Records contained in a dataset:
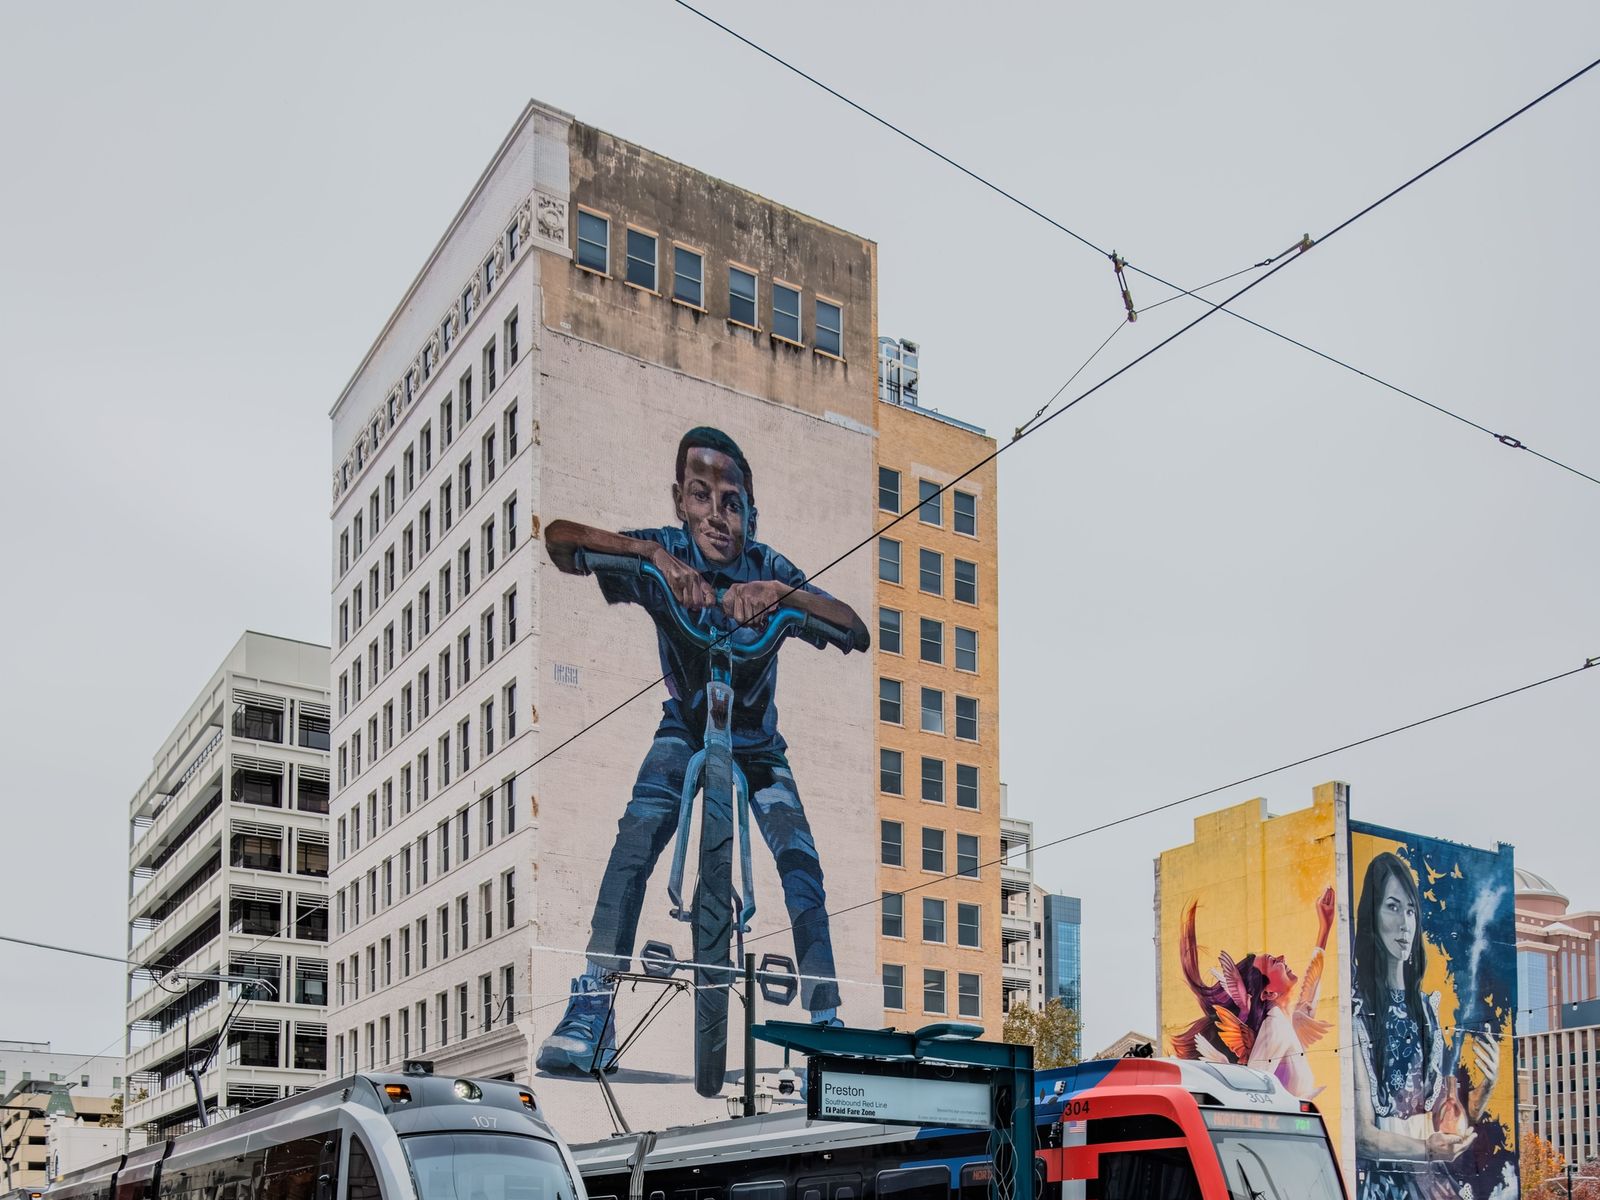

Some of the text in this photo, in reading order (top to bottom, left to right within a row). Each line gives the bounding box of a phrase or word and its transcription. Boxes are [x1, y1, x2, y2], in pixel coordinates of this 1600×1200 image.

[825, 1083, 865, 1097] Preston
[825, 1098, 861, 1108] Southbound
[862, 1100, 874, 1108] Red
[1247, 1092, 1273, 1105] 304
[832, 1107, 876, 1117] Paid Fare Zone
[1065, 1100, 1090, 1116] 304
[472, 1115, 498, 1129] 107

Problem statement:
Pictures are not part of the copy. Return every record exactly.

Completed task:
Some of the text in this photo, in reading order (top to bottom, left to right within a row). Each line gives the bounding box of a phrase or word and its transcription. Boxes are [x1, y1, x2, y2], in pixel coordinates of this 1600×1200 image.

[825, 1083, 865, 1097] Preston
[825, 1098, 861, 1108] Southbound
[862, 1100, 874, 1108] Red
[1247, 1092, 1273, 1105] 304
[832, 1107, 876, 1117] Paid Fare Zone
[1065, 1100, 1090, 1116] 304
[472, 1115, 498, 1129] 107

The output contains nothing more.